Free-text object descriptions:
━━━━━━━━
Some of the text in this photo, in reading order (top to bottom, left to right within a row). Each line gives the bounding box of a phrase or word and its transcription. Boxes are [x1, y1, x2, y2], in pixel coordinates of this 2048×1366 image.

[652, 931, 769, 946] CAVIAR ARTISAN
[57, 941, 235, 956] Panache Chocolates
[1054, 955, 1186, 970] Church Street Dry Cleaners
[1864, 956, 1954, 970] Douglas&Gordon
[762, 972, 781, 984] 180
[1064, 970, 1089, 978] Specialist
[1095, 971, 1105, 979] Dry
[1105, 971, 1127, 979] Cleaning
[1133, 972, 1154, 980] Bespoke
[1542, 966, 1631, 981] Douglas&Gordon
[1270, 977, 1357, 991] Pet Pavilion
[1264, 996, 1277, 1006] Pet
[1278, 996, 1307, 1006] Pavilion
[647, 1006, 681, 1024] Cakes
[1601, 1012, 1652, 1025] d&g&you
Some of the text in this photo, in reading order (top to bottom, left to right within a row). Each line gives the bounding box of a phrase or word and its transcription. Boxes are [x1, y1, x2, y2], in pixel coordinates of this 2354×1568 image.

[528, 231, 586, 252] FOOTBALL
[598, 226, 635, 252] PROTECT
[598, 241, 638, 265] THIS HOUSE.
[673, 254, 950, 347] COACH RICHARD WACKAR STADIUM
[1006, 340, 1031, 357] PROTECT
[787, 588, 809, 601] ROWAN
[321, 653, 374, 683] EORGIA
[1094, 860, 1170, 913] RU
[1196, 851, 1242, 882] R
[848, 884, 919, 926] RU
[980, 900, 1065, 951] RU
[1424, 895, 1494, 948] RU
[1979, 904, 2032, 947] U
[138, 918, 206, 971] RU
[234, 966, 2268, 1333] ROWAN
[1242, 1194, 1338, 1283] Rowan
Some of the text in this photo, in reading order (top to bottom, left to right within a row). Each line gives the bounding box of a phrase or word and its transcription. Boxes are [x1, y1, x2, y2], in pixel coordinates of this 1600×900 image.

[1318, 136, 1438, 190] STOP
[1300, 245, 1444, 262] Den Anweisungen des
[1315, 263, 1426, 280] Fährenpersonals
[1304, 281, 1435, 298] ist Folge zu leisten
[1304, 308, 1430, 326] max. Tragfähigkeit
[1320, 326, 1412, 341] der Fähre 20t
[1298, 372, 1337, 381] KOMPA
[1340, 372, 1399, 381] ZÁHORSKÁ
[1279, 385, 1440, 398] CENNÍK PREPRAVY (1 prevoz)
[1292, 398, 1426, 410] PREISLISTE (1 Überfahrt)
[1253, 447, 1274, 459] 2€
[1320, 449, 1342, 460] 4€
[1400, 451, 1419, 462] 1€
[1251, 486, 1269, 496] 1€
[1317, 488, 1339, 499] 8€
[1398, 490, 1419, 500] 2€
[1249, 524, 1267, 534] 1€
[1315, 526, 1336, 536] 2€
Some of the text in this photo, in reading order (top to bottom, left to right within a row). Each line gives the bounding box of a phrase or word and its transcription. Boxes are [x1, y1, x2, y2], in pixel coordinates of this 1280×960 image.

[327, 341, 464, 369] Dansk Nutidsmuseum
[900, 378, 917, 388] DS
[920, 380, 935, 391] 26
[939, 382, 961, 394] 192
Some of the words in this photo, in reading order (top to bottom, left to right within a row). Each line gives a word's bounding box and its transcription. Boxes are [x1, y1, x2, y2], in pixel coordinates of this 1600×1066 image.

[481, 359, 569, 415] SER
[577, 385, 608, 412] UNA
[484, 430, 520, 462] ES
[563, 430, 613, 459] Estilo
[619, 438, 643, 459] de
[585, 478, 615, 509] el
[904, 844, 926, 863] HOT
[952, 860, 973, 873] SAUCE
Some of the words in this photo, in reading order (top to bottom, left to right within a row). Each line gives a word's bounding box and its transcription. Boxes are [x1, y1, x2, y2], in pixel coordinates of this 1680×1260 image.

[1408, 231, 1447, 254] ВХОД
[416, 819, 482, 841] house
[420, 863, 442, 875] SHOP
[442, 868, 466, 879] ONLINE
━━━━━━━━
Task item:
Please return all of the entries shown above, exactly as they stand.

Output of the exercise:
Some of the text in this photo, in reading order (top to bottom, left to right within a row). Each line gives the bounding box of a phrase or word and its transcription. Boxes are [x1, y1, x2, y2], in pixel coordinates of this 2048×1366 image.

[652, 931, 769, 946] CAVIAR ARTISAN
[57, 941, 235, 956] Panache Chocolates
[1054, 955, 1186, 970] Church Street Dry Cleaners
[1864, 956, 1954, 970] Douglas&Gordon
[762, 972, 781, 984] 180
[1064, 970, 1089, 978] Specialist
[1095, 971, 1105, 979] Dry
[1105, 971, 1127, 979] Cleaning
[1133, 972, 1154, 980] Bespoke
[1542, 966, 1631, 981] Douglas&Gordon
[1270, 977, 1357, 991] Pet Pavilion
[1264, 996, 1277, 1006] Pet
[1278, 996, 1307, 1006] Pavilion
[647, 1006, 681, 1024] Cakes
[1601, 1012, 1652, 1025] d&g&you
Some of the text in this photo, in reading order (top to bottom, left to right within a row). Each line gives the bounding box of a phrase or word and its transcription. Boxes are [x1, y1, x2, y2], in pixel coordinates of this 2354×1568 image.

[528, 231, 586, 252] FOOTBALL
[598, 226, 635, 252] PROTECT
[598, 241, 638, 265] THIS HOUSE.
[673, 254, 950, 347] COACH RICHARD WACKAR STADIUM
[1006, 340, 1031, 357] PROTECT
[787, 588, 809, 601] ROWAN
[321, 653, 374, 683] EORGIA
[1094, 860, 1170, 913] RU
[1196, 851, 1242, 882] R
[848, 884, 919, 926] RU
[980, 900, 1065, 951] RU
[1424, 895, 1494, 948] RU
[1979, 904, 2032, 947] U
[138, 918, 206, 971] RU
[234, 966, 2268, 1333] ROWAN
[1242, 1194, 1338, 1283] Rowan
Some of the text in this photo, in reading order (top to bottom, left to right within a row). Each line gives the bounding box of a phrase or word and its transcription. Boxes are [x1, y1, x2, y2], in pixel coordinates of this 1600×900 image.

[1318, 136, 1438, 190] STOP
[1300, 245, 1444, 262] Den Anweisungen des
[1315, 263, 1426, 280] Fährenpersonals
[1304, 281, 1435, 298] ist Folge zu leisten
[1304, 308, 1430, 326] max. Tragfähigkeit
[1320, 326, 1412, 341] der Fähre 20t
[1298, 372, 1337, 381] KOMPA
[1340, 372, 1399, 381] ZÁHORSKÁ
[1279, 385, 1440, 398] CENNÍK PREPRAVY (1 prevoz)
[1292, 398, 1426, 410] PREISLISTE (1 Überfahrt)
[1253, 447, 1274, 459] 2€
[1320, 449, 1342, 460] 4€
[1400, 451, 1419, 462] 1€
[1251, 486, 1269, 496] 1€
[1317, 488, 1339, 499] 8€
[1398, 490, 1419, 500] 2€
[1249, 524, 1267, 534] 1€
[1315, 526, 1336, 536] 2€
Some of the text in this photo, in reading order (top to bottom, left to right within a row). Each line gives the bounding box of a phrase or word and its transcription. Boxes are [x1, y1, x2, y2], in pixel coordinates of this 1280×960 image.

[327, 341, 464, 369] Dansk Nutidsmuseum
[900, 378, 917, 388] DS
[920, 380, 935, 391] 26
[939, 382, 961, 394] 192
Some of the words in this photo, in reading order (top to bottom, left to right within a row). Each line gives a word's bounding box and its transcription. Boxes are [x1, y1, x2, y2], in pixel coordinates of this 1600×1066 image.

[481, 359, 569, 415] SER
[577, 385, 608, 412] UNA
[484, 430, 520, 462] ES
[563, 430, 613, 459] Estilo
[619, 438, 643, 459] de
[585, 478, 615, 509] el
[904, 844, 926, 863] HOT
[952, 860, 973, 873] SAUCE
Some of the words in this photo, in reading order (top to bottom, left to right within a row). Each line gives a word's bounding box and its transcription. Boxes are [x1, y1, x2, y2], in pixel coordinates of this 1680×1260 image.

[1408, 231, 1447, 254] ВХОД
[416, 819, 482, 841] house
[420, 863, 442, 875] SHOP
[442, 868, 466, 879] ONLINE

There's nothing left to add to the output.